| Text-to-region grounding data |
───

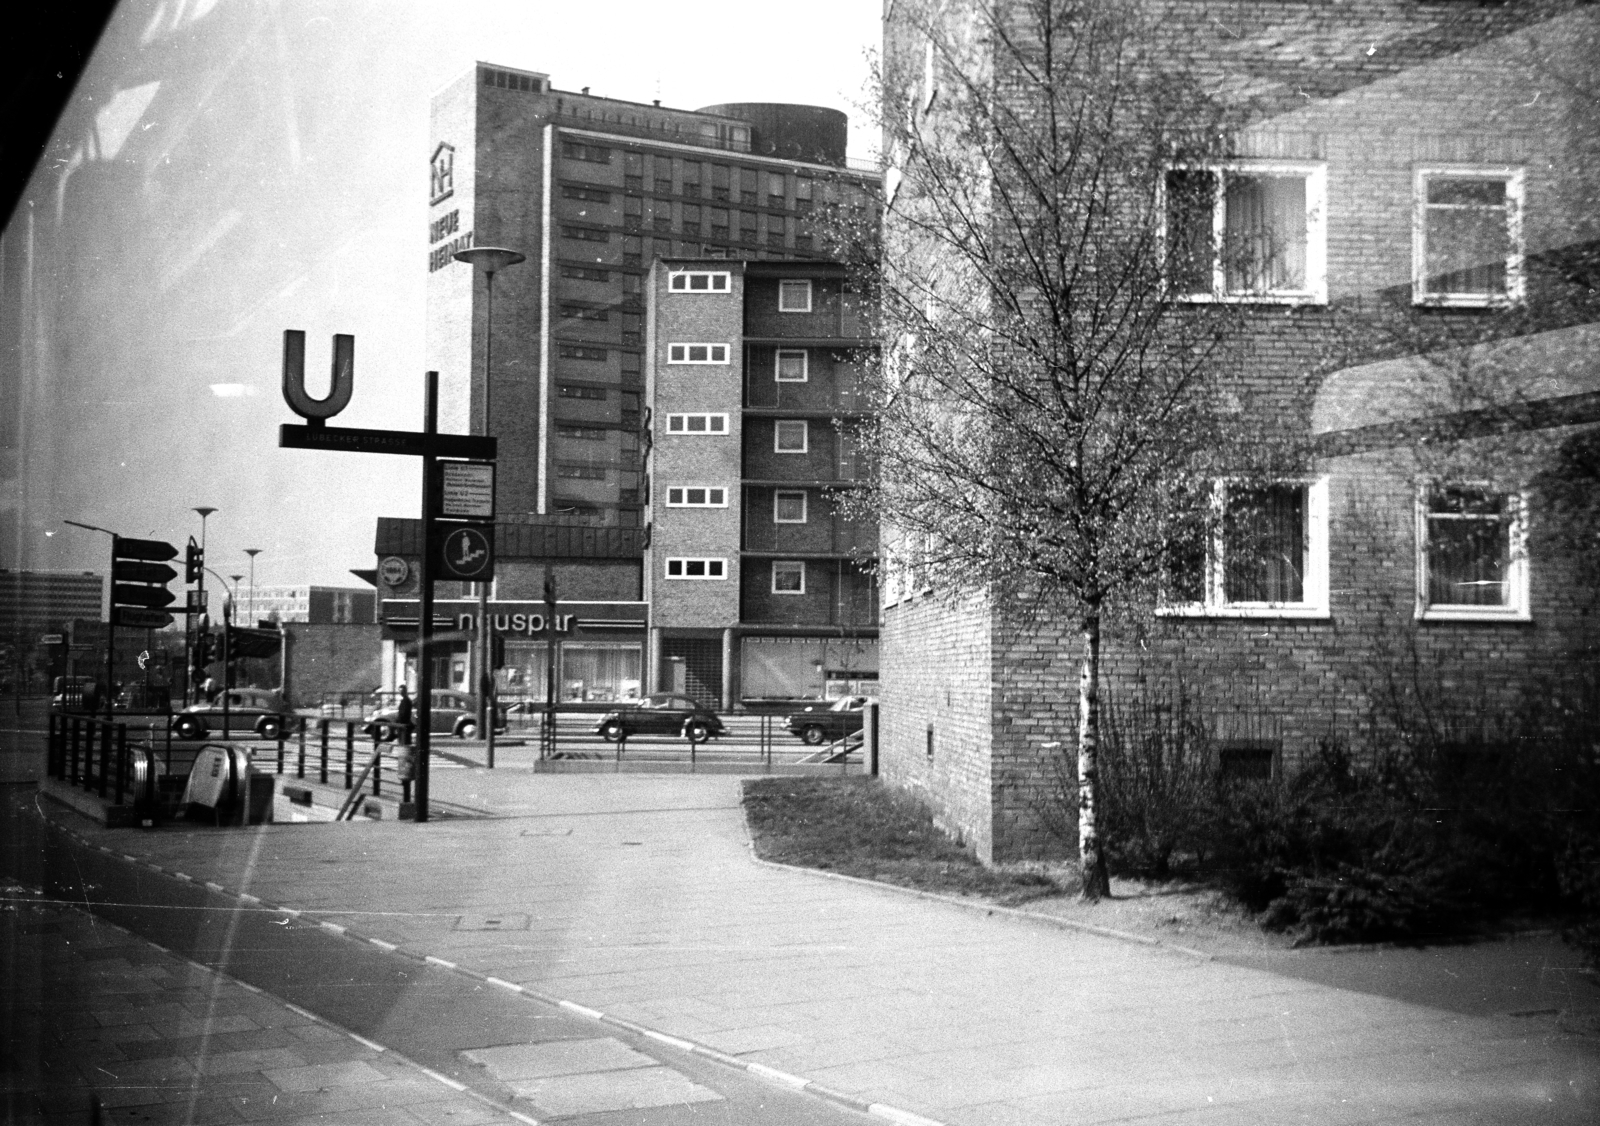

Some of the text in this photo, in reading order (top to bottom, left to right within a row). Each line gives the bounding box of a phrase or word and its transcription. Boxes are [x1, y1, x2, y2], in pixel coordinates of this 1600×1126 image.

[428, 208, 460, 245] NEUE
[428, 230, 473, 274] HEIMAT
[281, 328, 356, 419] U
[362, 436, 408, 446] STRASSE
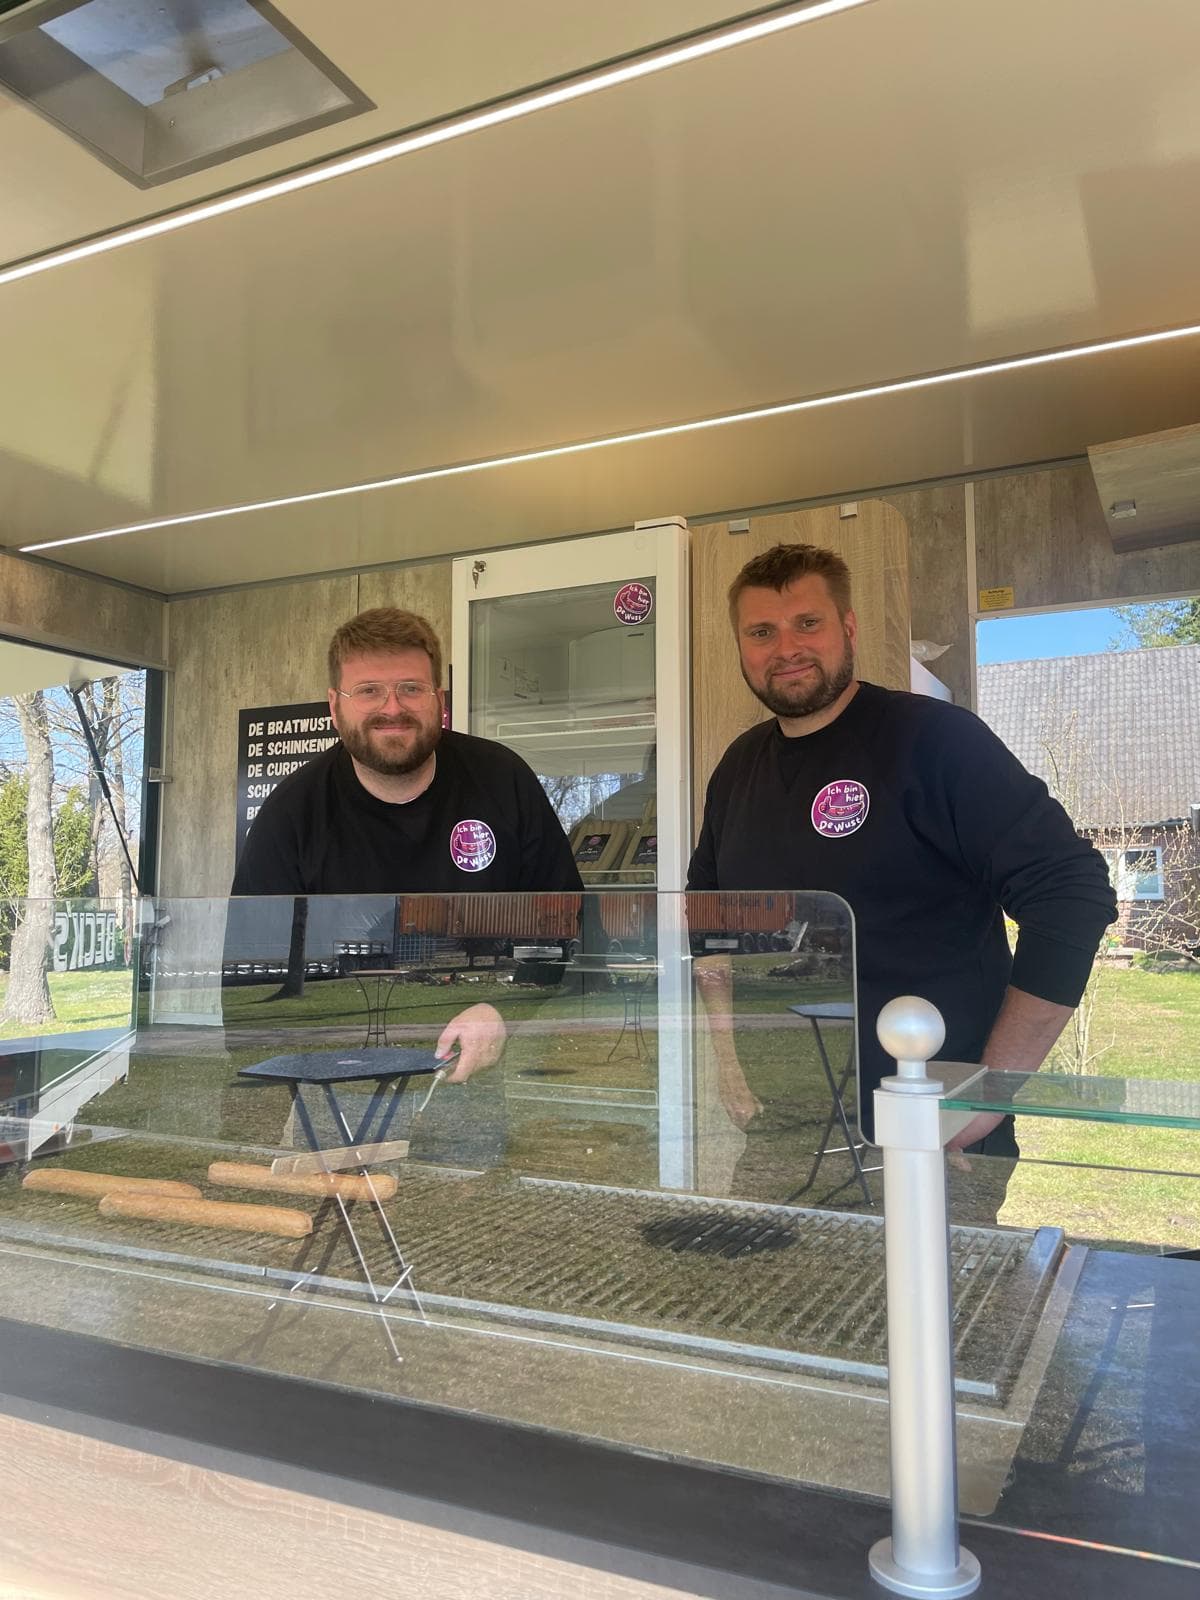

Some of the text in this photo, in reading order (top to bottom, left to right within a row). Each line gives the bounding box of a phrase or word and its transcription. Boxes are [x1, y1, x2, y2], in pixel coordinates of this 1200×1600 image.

[248, 716, 333, 737] DE BRATWUST
[247, 743, 263, 758] DE
[247, 763, 263, 778] DE
[827, 784, 858, 795] Ich bin
[845, 793, 865, 803] hier
[457, 824, 483, 833] Ich bin
[819, 816, 861, 833] De Wust
[456, 855, 469, 864] De
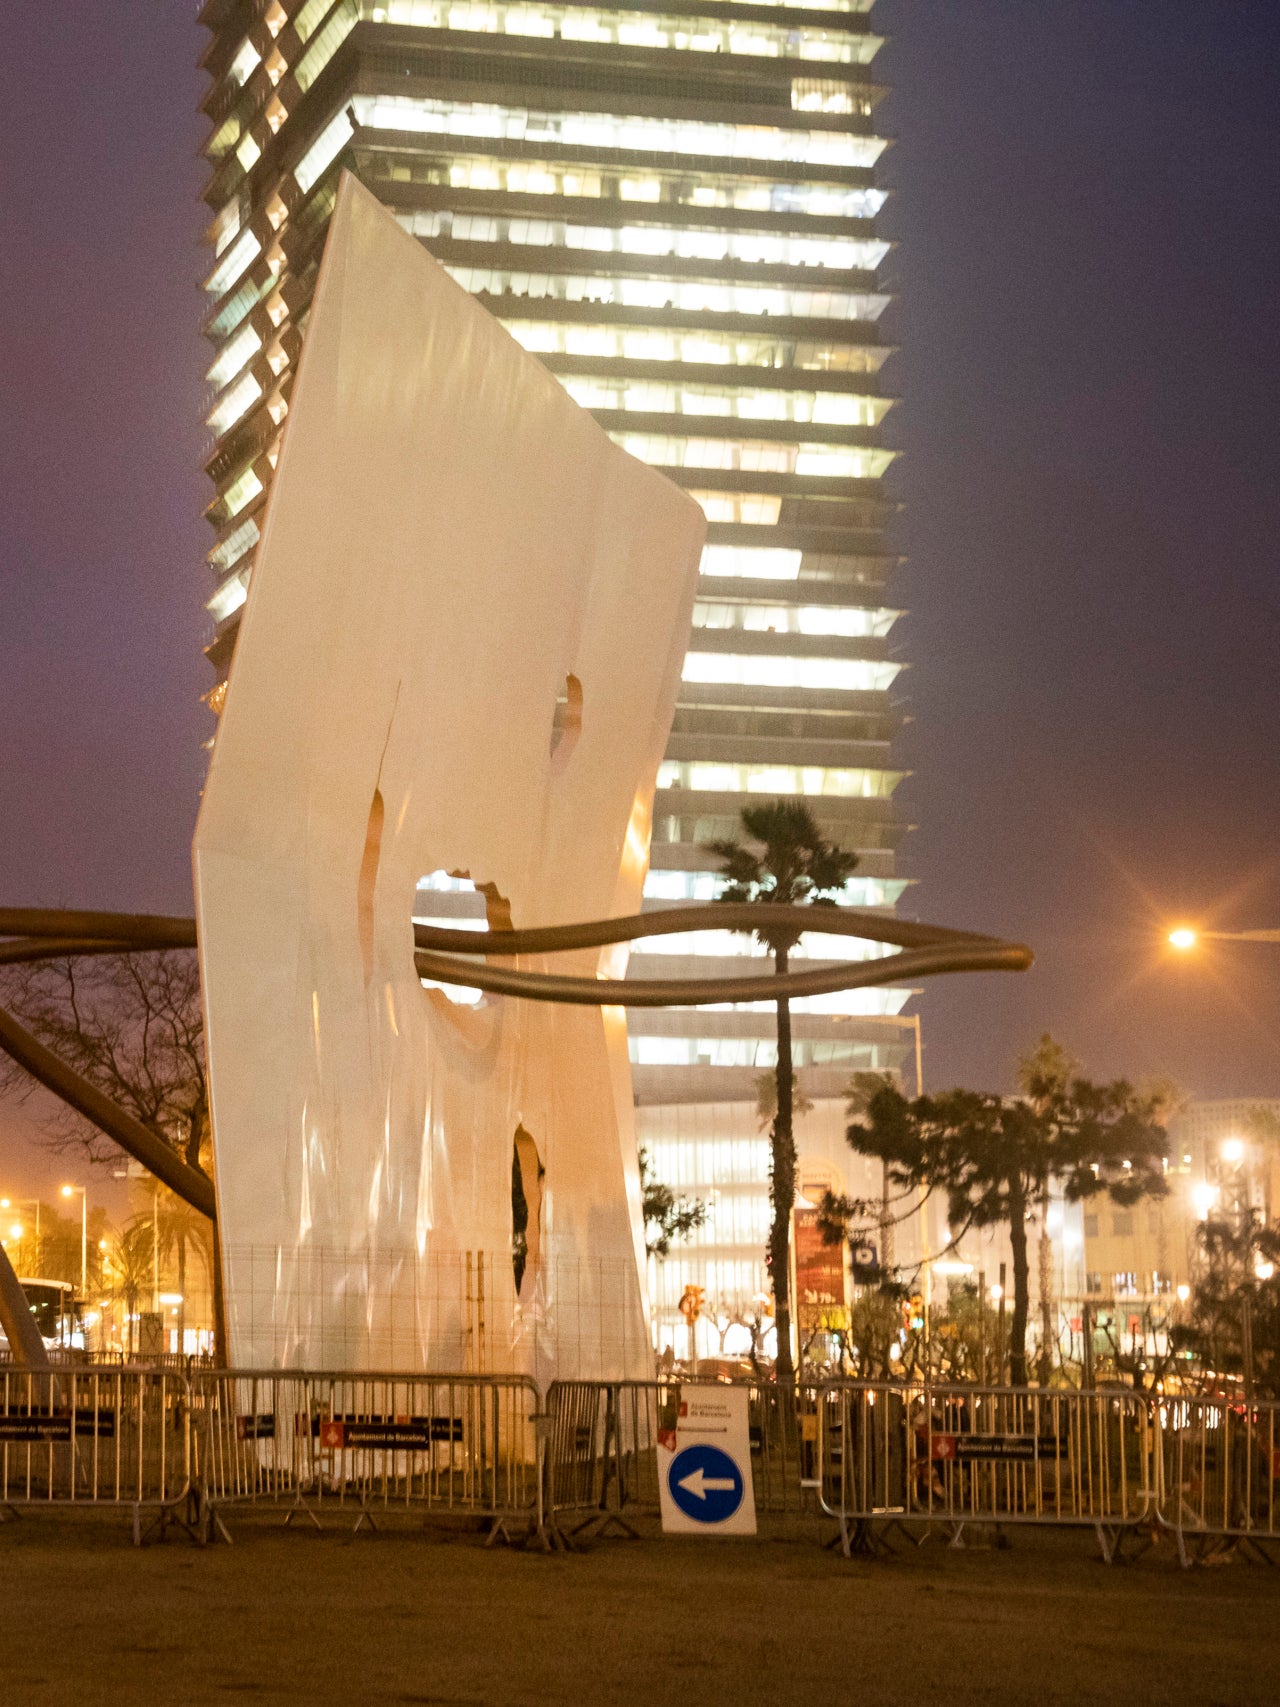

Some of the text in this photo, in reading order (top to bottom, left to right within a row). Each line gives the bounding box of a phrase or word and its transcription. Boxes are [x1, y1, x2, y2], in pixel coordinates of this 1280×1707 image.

───

| Assigned task |
With the pictures left out, output the lines from the one containing "this 1200×1600 image." through the last line of the records above, exactly as they are.

| Response to the exercise |
Some of the text in this photo, in reading order (top to bottom, left to right within a row). Each line gives the bounding box of a phrase or word and its transcription. Boxes are [x1, y1, x2, y2], in pixel coordinates of this 1200×1600 image.

[248, 716, 333, 737] DE BRATWUST
[247, 743, 263, 758] DE
[247, 763, 263, 778] DE
[827, 784, 858, 795] Ich bin
[845, 793, 865, 803] hier
[457, 824, 483, 833] Ich bin
[819, 816, 861, 833] De Wust
[456, 855, 469, 864] De

Some of the text in this photo, in reading order (top to bottom, left to right within a row). Each line gives the bounding box of a phrase or word and its transcription. Boxes are [x1, y1, x2, y2], in pixel coordinates of this 1280×1707 image.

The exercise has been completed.